* [Exercise requirements]: Leave out the pictures and print the records below exactly.

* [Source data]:
== Segment start ==
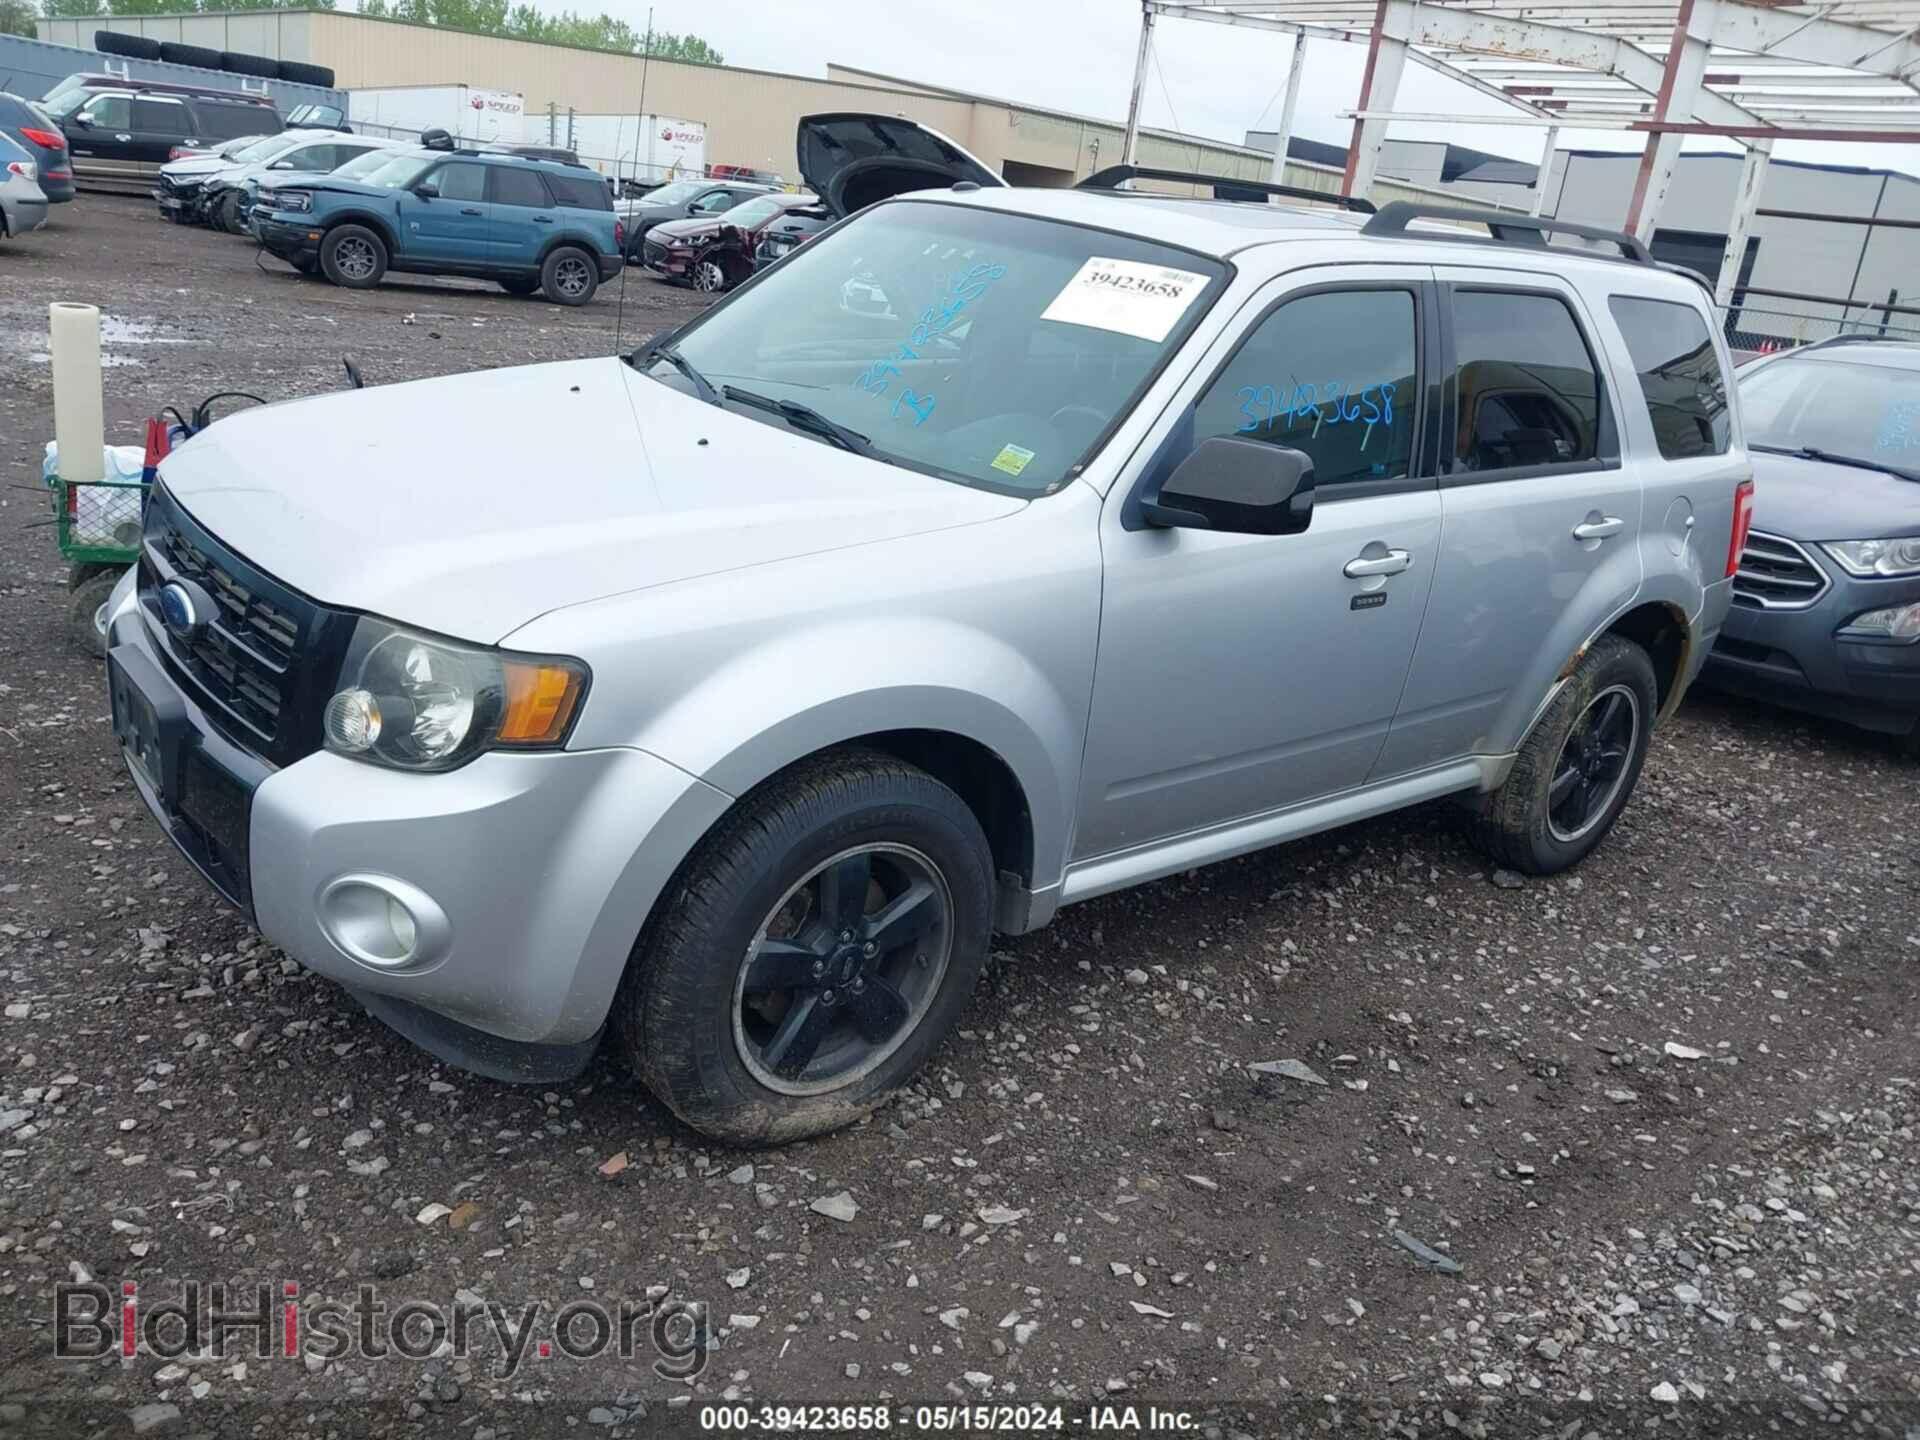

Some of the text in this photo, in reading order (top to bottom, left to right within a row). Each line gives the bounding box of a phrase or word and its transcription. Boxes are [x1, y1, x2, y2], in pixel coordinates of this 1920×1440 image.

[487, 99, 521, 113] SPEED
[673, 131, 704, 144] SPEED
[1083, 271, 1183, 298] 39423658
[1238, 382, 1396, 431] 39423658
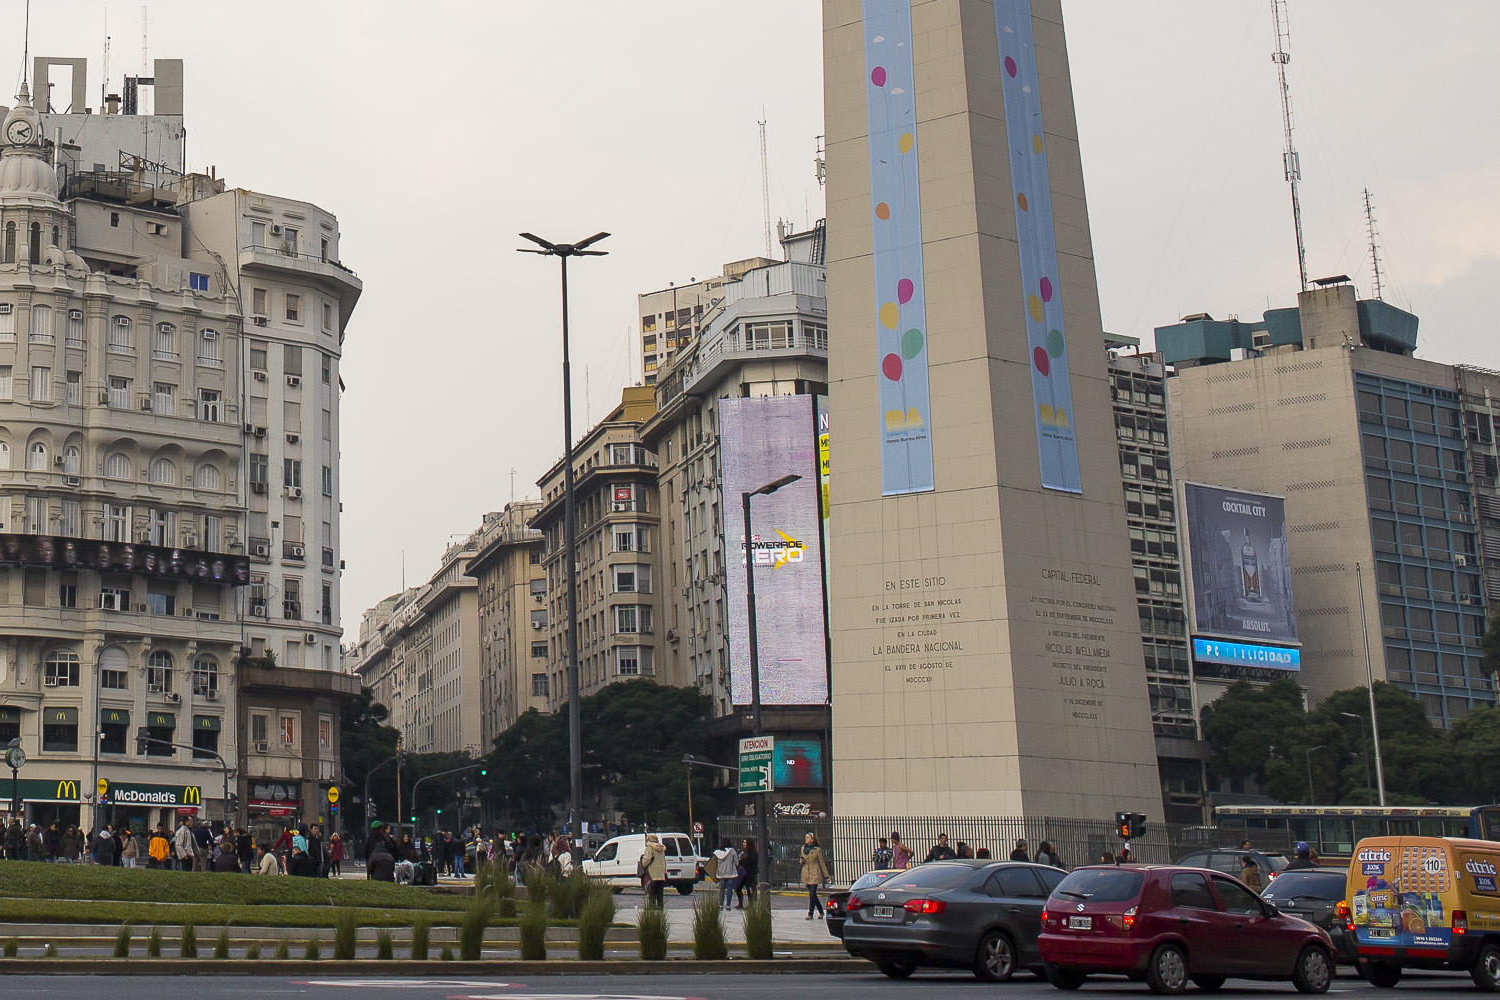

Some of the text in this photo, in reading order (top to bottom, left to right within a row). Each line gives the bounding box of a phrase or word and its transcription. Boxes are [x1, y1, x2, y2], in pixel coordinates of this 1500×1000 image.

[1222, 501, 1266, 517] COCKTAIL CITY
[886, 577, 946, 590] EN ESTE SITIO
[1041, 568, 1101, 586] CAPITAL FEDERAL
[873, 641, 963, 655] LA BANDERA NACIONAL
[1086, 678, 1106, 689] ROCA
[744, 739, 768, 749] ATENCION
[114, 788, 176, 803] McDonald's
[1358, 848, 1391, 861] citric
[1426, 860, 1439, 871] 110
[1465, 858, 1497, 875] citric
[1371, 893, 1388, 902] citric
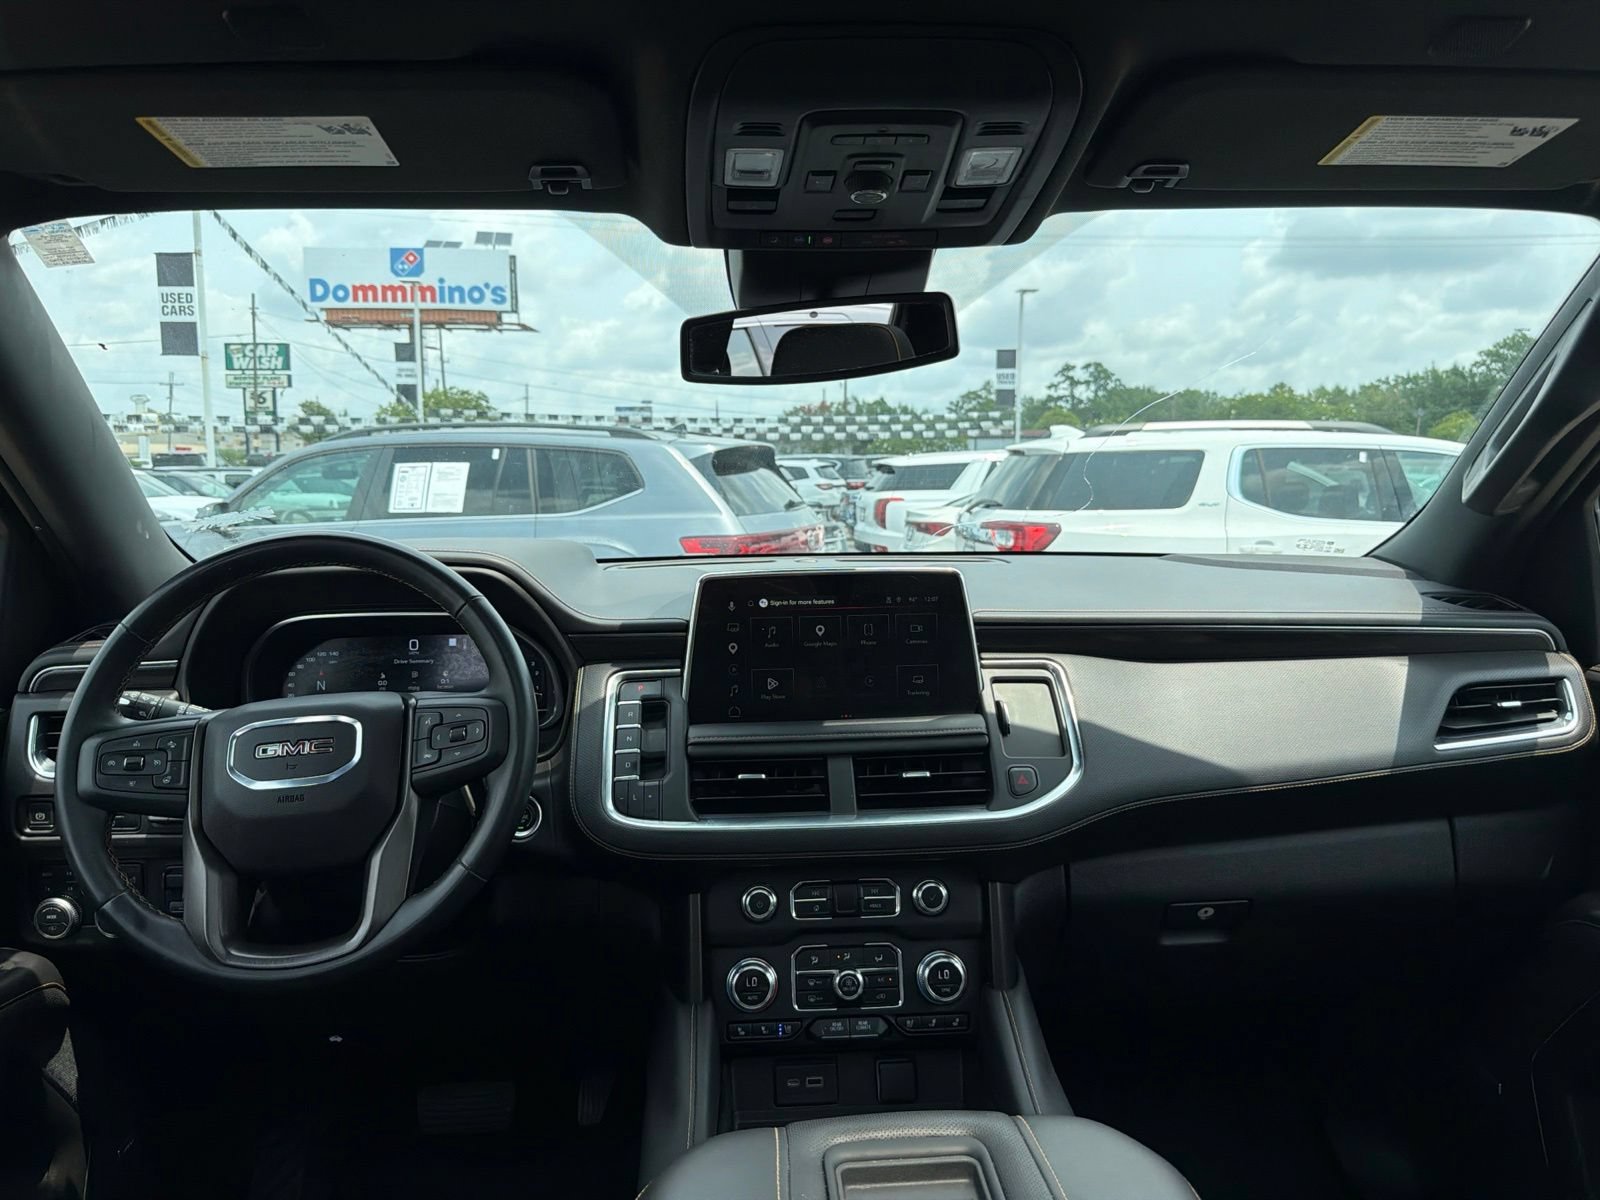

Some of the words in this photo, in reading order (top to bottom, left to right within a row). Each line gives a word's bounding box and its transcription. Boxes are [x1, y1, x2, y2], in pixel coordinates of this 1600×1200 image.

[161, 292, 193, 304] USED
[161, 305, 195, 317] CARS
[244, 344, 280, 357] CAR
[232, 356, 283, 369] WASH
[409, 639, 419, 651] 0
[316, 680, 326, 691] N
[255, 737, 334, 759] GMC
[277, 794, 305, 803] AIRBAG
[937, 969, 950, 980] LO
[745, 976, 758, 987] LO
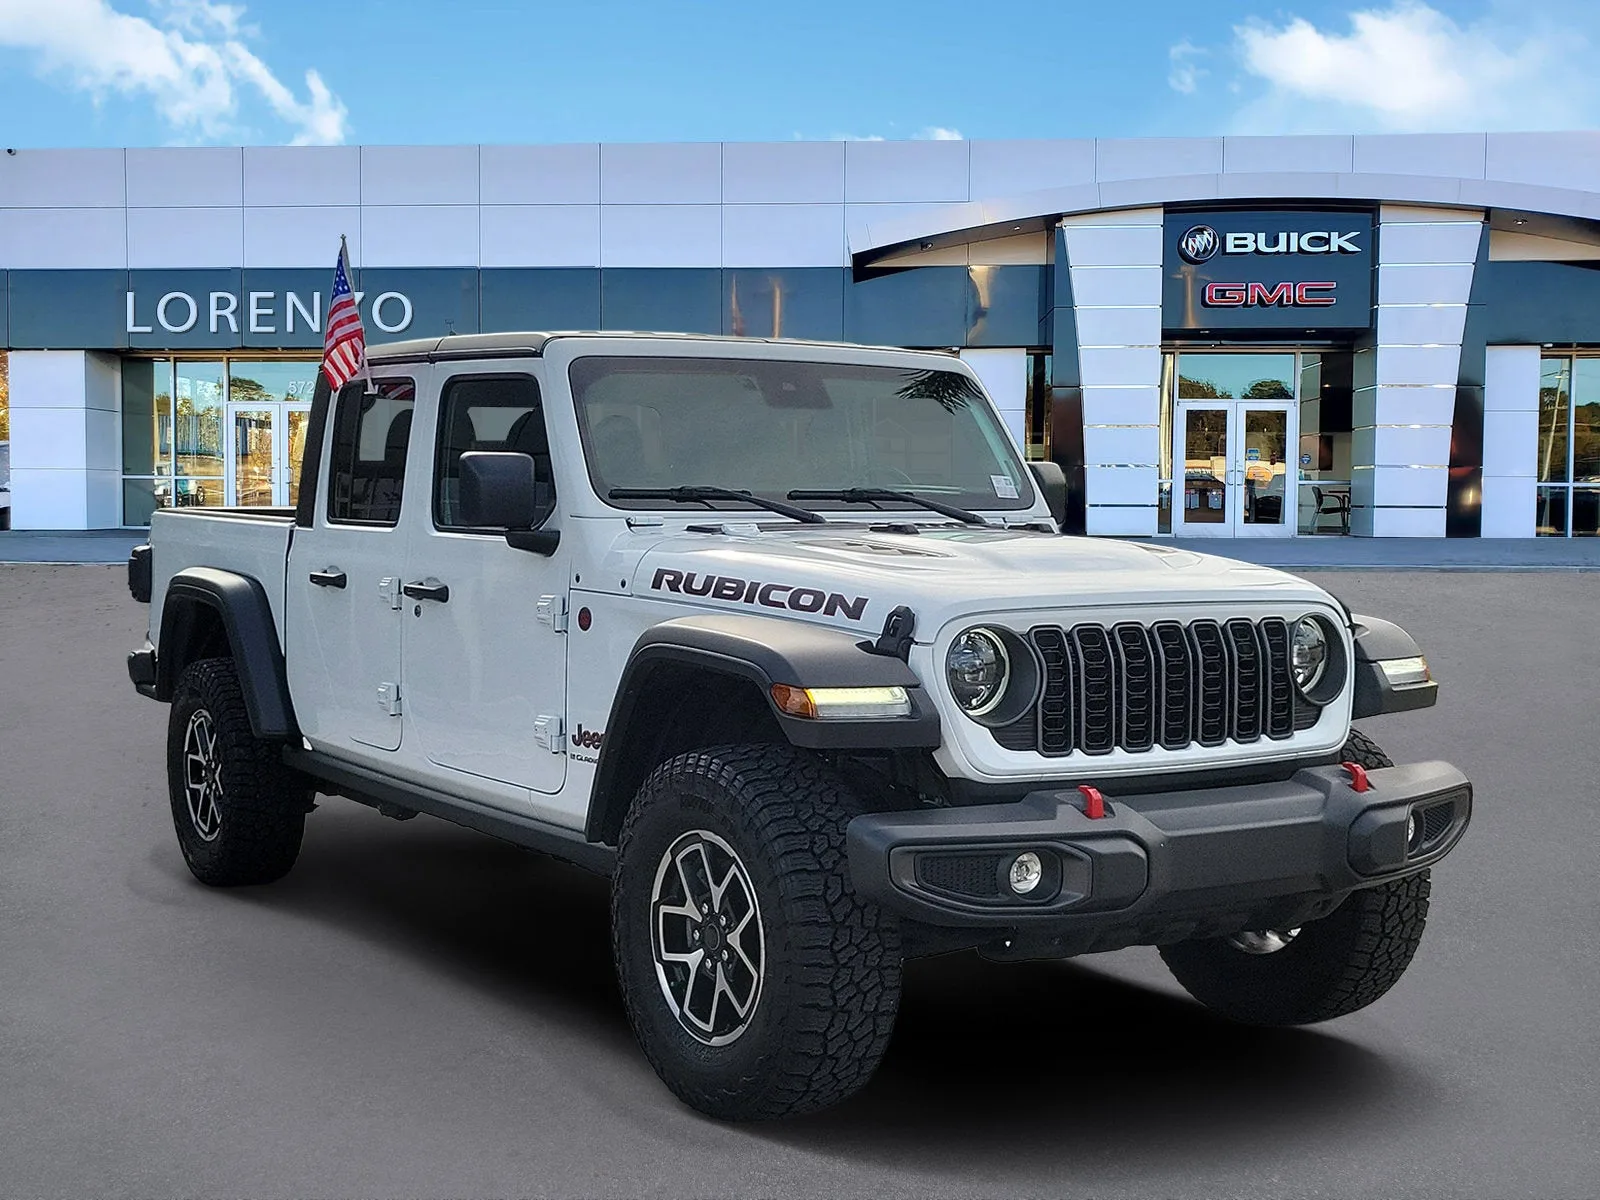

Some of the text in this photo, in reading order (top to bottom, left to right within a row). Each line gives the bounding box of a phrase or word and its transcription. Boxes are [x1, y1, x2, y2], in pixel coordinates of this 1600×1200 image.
== Segment end ==
* [Output below]:
Some of the text in this photo, in reading order (top to bottom, left to right within a row). Each line gives the bounding box of a phrase or word and its transcription. Boxes are [x1, y1, x2, y2], in pixel coordinates of this 1920×1440 image.

[487, 99, 521, 113] SPEED
[673, 131, 704, 144] SPEED
[1083, 271, 1183, 298] 39423658
[1238, 382, 1396, 431] 39423658

Some of the text in this photo, in reading order (top to bottom, left to right within a row). Each line gives the bounding box of a phrase or word and its transcription. Boxes are [x1, y1, x2, y2], in pixel coordinates of this 1500×1000 image.

[1222, 501, 1266, 517] COCKTAIL CITY
[886, 577, 946, 590] EN ESTE SITIO
[1041, 568, 1101, 586] CAPITAL FEDERAL
[873, 641, 963, 655] LA BANDERA NACIONAL
[1086, 678, 1106, 689] ROCA
[744, 739, 768, 749] ATENCION
[114, 788, 176, 803] McDonald's
[1358, 848, 1391, 861] citric
[1426, 860, 1439, 871] 110
[1465, 858, 1497, 875] citric
[1371, 893, 1388, 902] citric

Some of the words in this photo, in reading order (top to bottom, left to right within a row). Each line gives a word's bounding box and its transcription. Boxes are [x1, y1, x2, y2], in pixel coordinates of this 1600×1200 image.

[161, 292, 193, 304] USED
[161, 305, 195, 317] CARS
[244, 344, 280, 357] CAR
[232, 356, 283, 369] WASH
[409, 639, 419, 651] 0
[316, 680, 326, 691] N
[255, 737, 334, 759] GMC
[277, 794, 305, 803] AIRBAG
[937, 969, 950, 980] LO
[745, 976, 758, 987] LO

Some of the text in this photo, in reading order (top to bottom, left to right within a row). Each line gives the bounding box of a phrase or word and its transcription. Boxes are [x1, y1, x2, y2], in pixel coordinates of this 1600×1200 image.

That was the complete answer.